**PROMPT**. Your copy should repeat each record below exactly and contain no images.

**DATA TO PROCESS**.

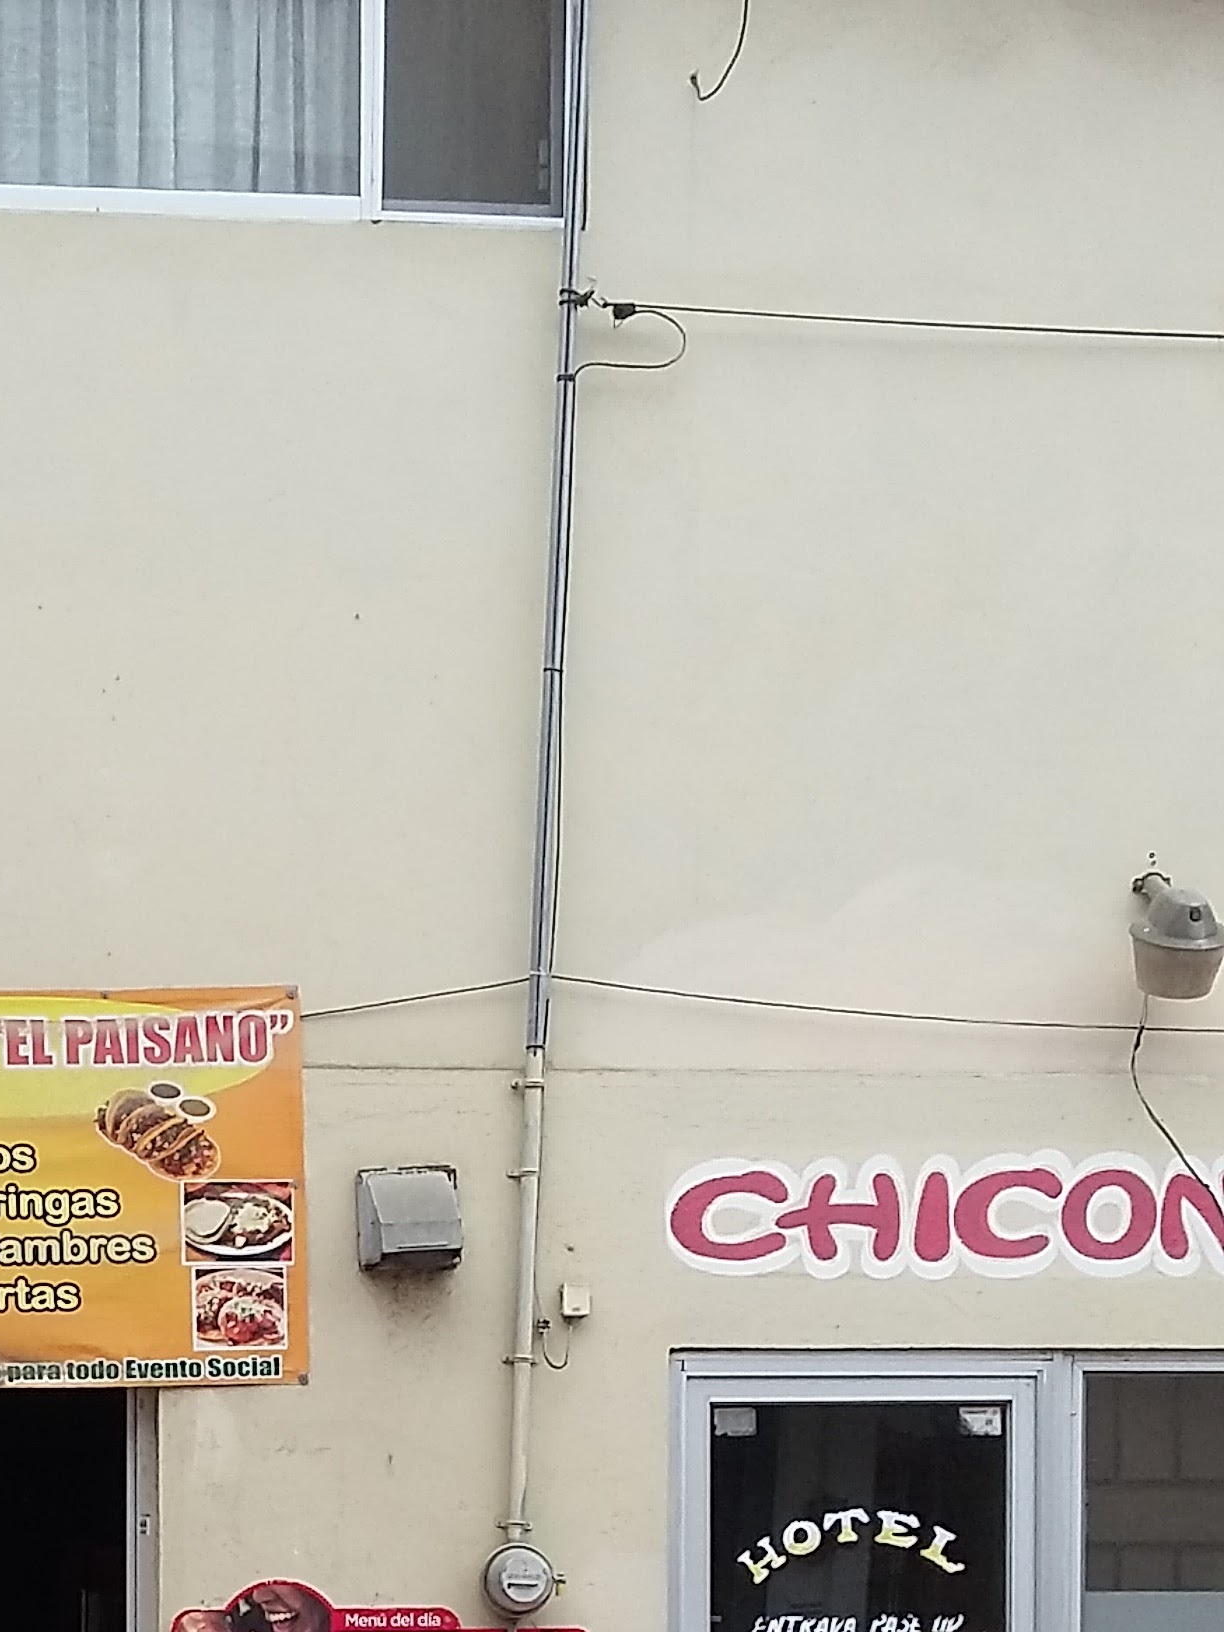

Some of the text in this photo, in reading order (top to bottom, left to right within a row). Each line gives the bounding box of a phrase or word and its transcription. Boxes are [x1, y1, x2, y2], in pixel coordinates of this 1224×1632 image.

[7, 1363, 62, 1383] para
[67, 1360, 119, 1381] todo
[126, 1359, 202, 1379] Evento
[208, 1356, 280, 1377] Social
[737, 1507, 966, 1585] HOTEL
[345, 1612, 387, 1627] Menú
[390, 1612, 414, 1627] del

**ANSWER BELOW**.
Some of the text in this photo, in reading order (top to bottom, left to right within a row). Each line gives the bounding box of a phrase or word and its transcription. Boxes are [x1, y1, x2, y2], in pixel coordinates of this 1224×1632 image.

[7, 1363, 62, 1383] para
[67, 1360, 119, 1381] todo
[126, 1359, 202, 1379] Evento
[208, 1356, 280, 1377] Social
[737, 1507, 966, 1585] HOTEL
[345, 1612, 387, 1627] Menú
[390, 1612, 414, 1627] del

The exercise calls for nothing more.